### TASK TO CARRY OUT
Set down all of the data that follows word for word, without the images.
****
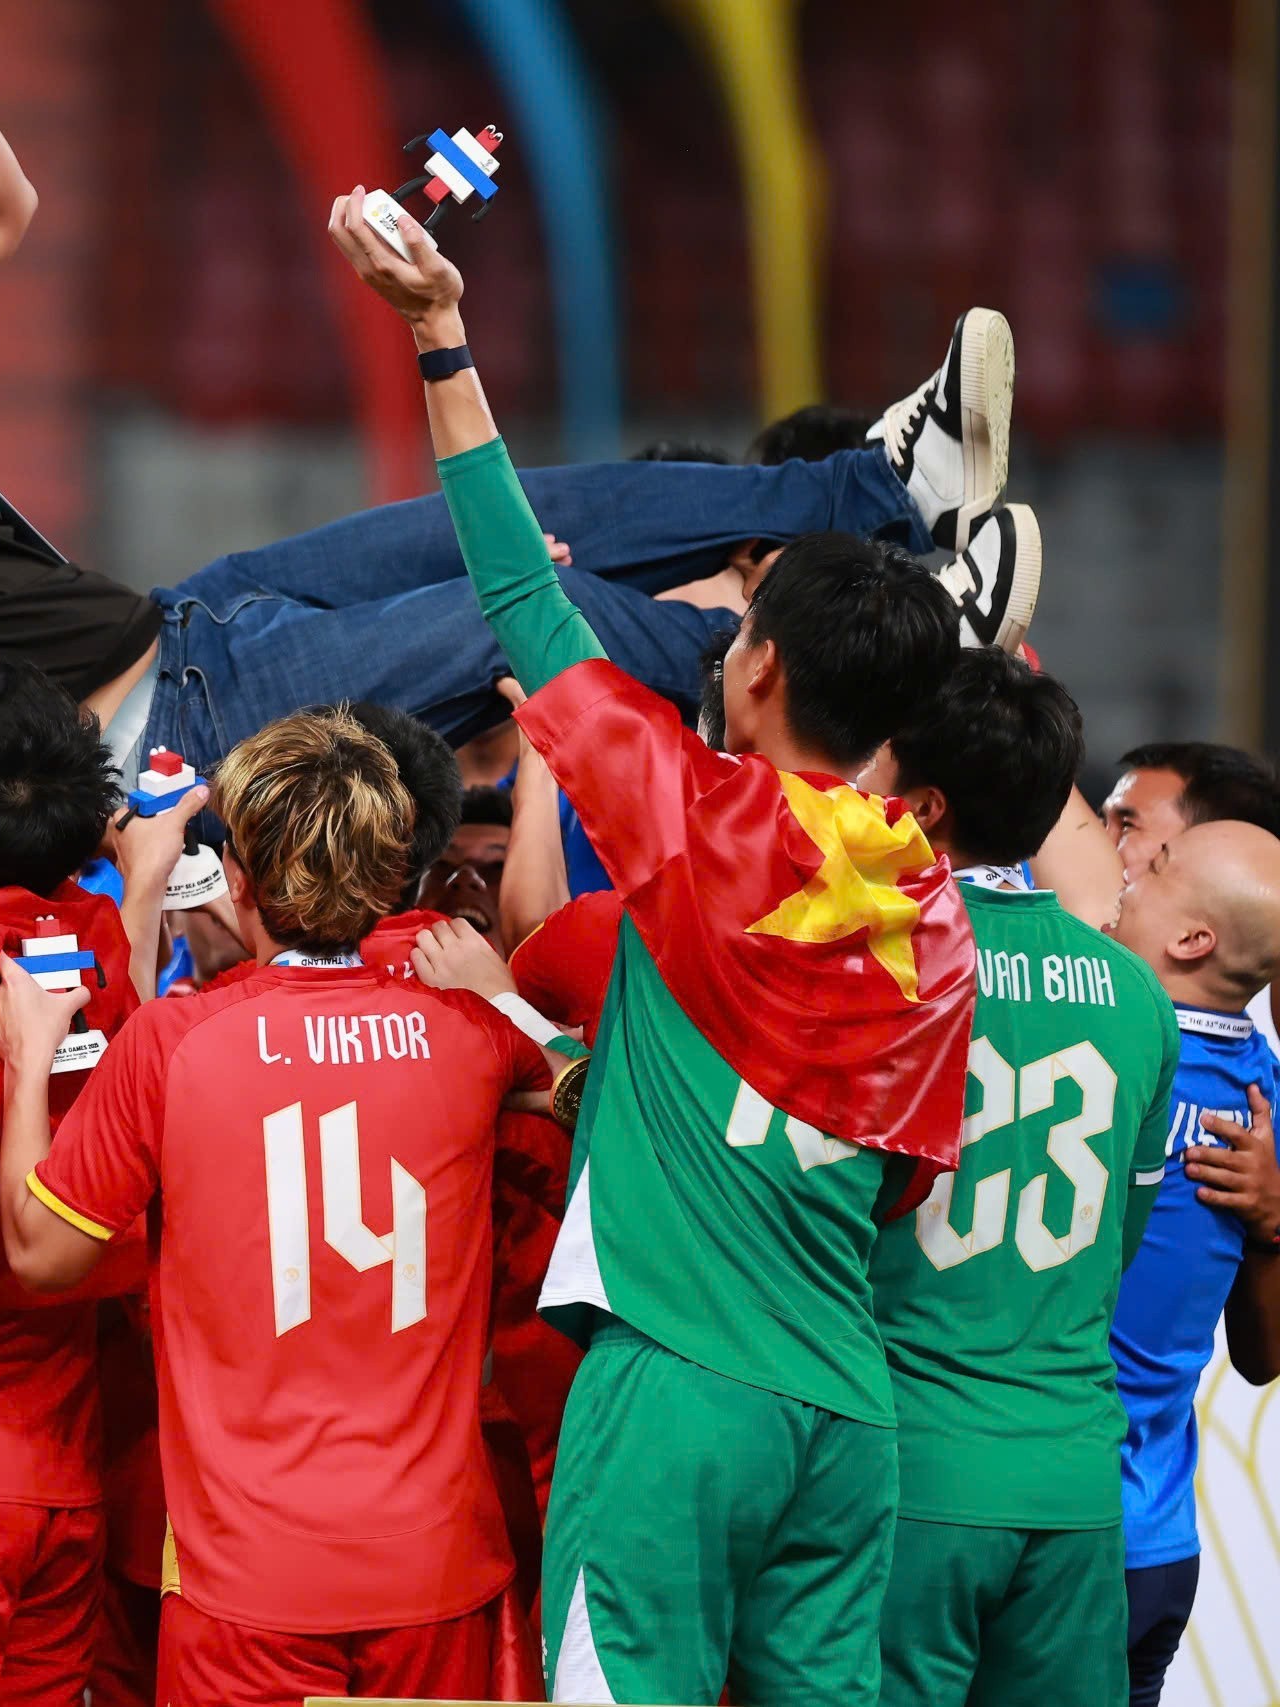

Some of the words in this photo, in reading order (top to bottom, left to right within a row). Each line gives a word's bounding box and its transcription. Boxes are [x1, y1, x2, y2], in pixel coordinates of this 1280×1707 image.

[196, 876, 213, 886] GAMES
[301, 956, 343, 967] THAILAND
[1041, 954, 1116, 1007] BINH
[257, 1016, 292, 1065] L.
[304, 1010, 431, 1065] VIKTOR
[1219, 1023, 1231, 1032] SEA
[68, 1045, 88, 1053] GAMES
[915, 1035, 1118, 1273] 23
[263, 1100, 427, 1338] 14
****
### ANSWER BOX
Some of the words in this photo, in reading order (top to bottom, left to right within a row). Each line gives a word's bounding box and its transcription. Boxes are [x1, y1, x2, y2], in pixel coordinates of this 1280×1707 image.

[196, 876, 213, 886] GAMES
[301, 956, 343, 967] THAILAND
[1041, 954, 1116, 1007] BINH
[257, 1016, 292, 1065] L.
[304, 1010, 431, 1065] VIKTOR
[1219, 1023, 1231, 1032] SEA
[68, 1045, 88, 1053] GAMES
[915, 1035, 1118, 1273] 23
[263, 1100, 427, 1338] 14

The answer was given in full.